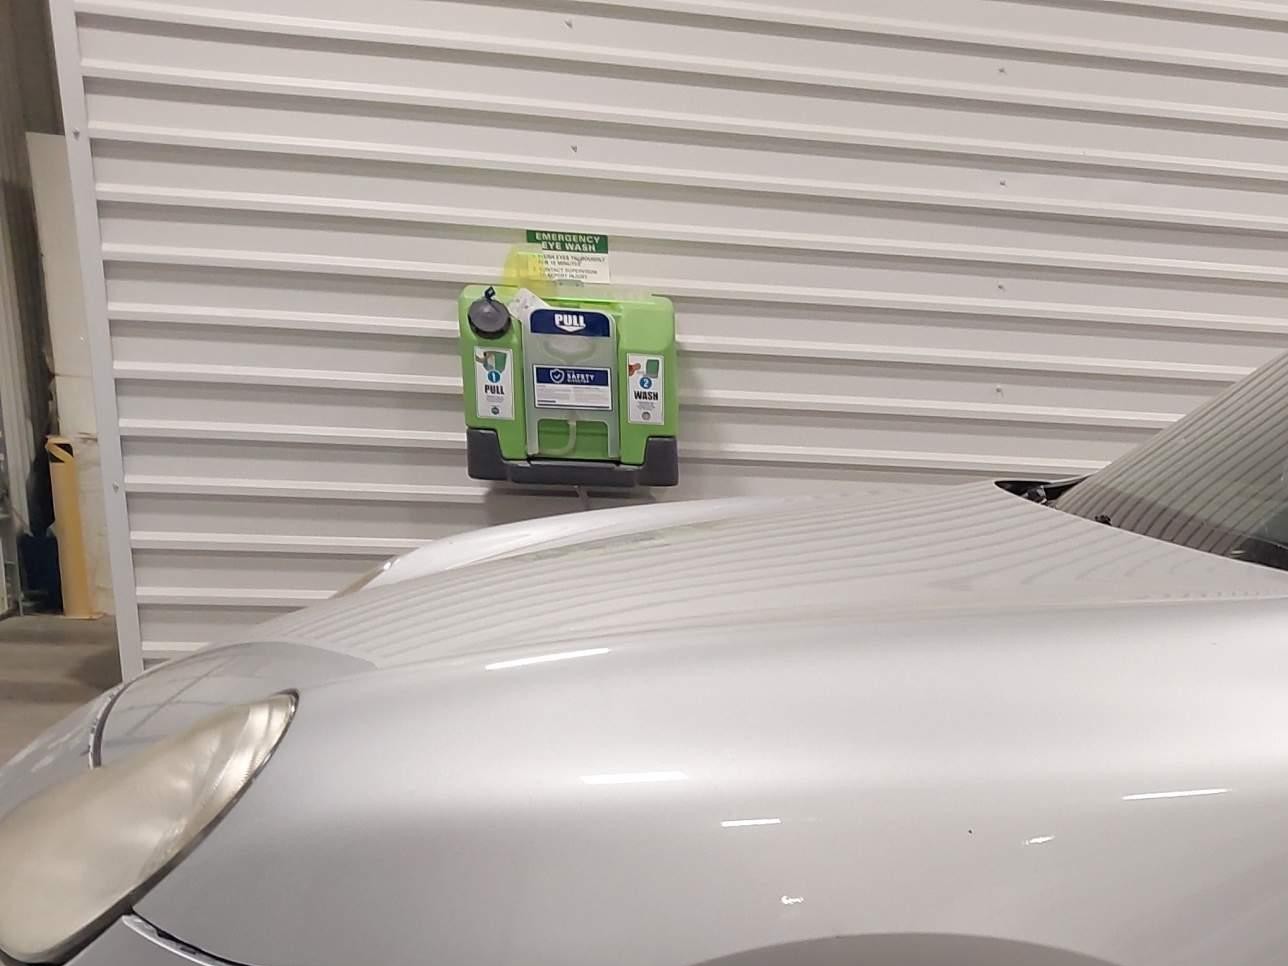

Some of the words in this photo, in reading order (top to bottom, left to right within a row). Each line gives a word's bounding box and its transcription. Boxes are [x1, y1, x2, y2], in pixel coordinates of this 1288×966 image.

[535, 232, 601, 244] EMERGENCY
[542, 241, 562, 250] EYE
[565, 243, 596, 252] WASH
[554, 314, 585, 327] PULL
[566, 373, 595, 381] SAFETY
[643, 378, 649, 388] 2
[484, 384, 505, 395] PULL
[633, 391, 659, 401] WASH
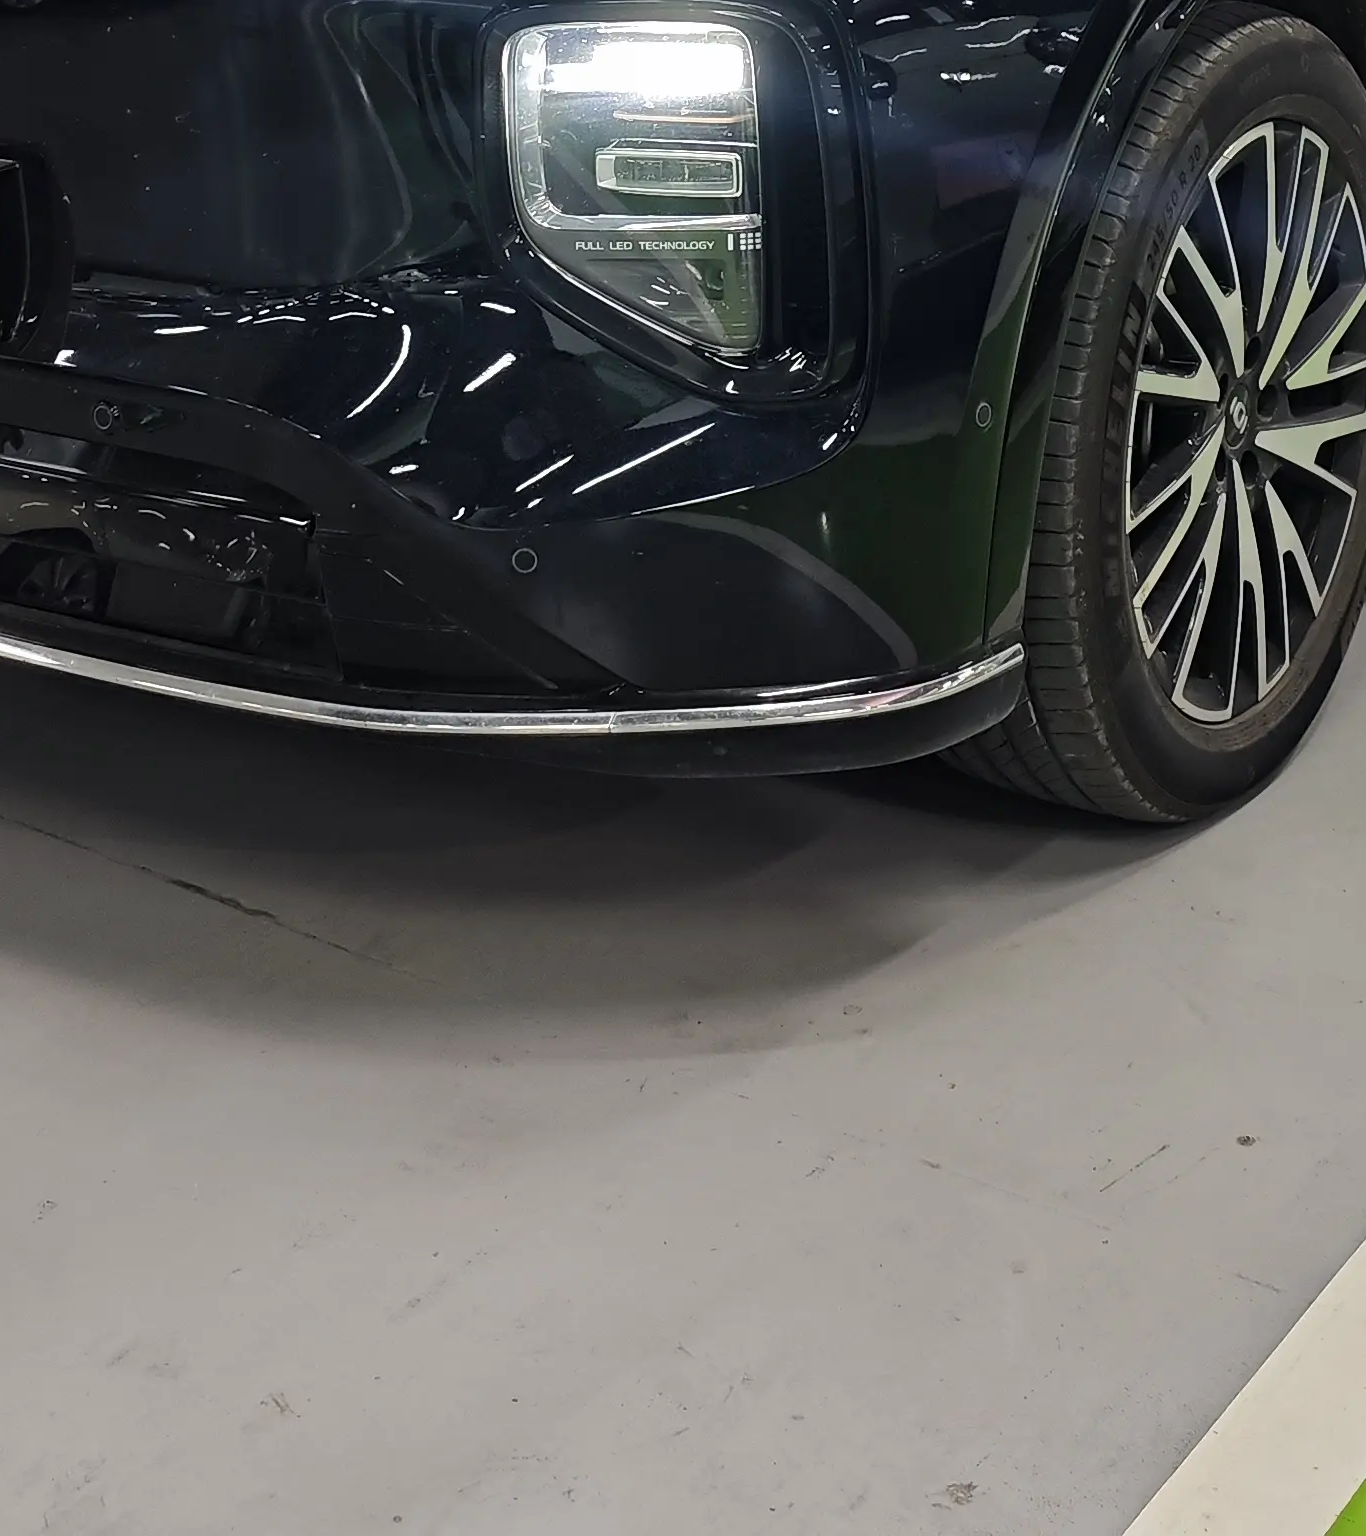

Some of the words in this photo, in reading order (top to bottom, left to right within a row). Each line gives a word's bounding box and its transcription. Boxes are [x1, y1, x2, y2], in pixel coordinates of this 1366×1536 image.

[575, 240, 604, 251] FULL
[610, 240, 633, 251] LED
[638, 240, 716, 252] TECHNOLOGY

__________________________________________________

> [ASSIGNMENT]:
Repeat the material above precisely as it appears, omitting the images it contains.

> [TASK ANSWER]:
Some of the words in this photo, in reading order (top to bottom, left to right within a row). Each line gives a word's bounding box and its transcription. Boxes are [x1, y1, x2, y2], in pixel coordinates of this 1288×966 image.

[535, 232, 601, 244] EMERGENCY
[542, 241, 562, 250] EYE
[565, 243, 596, 252] WASH
[554, 314, 585, 327] PULL
[566, 373, 595, 381] SAFETY
[643, 378, 649, 388] 2
[484, 384, 505, 395] PULL
[633, 391, 659, 401] WASH

Some of the words in this photo, in reading order (top to bottom, left to right within a row). Each line gives a word's bounding box and its transcription. Boxes are [x1, y1, x2, y2], in pixel coordinates of this 1366×1536 image.

[575, 240, 604, 251] FULL
[610, 240, 633, 251] LED
[638, 240, 716, 252] TECHNOLOGY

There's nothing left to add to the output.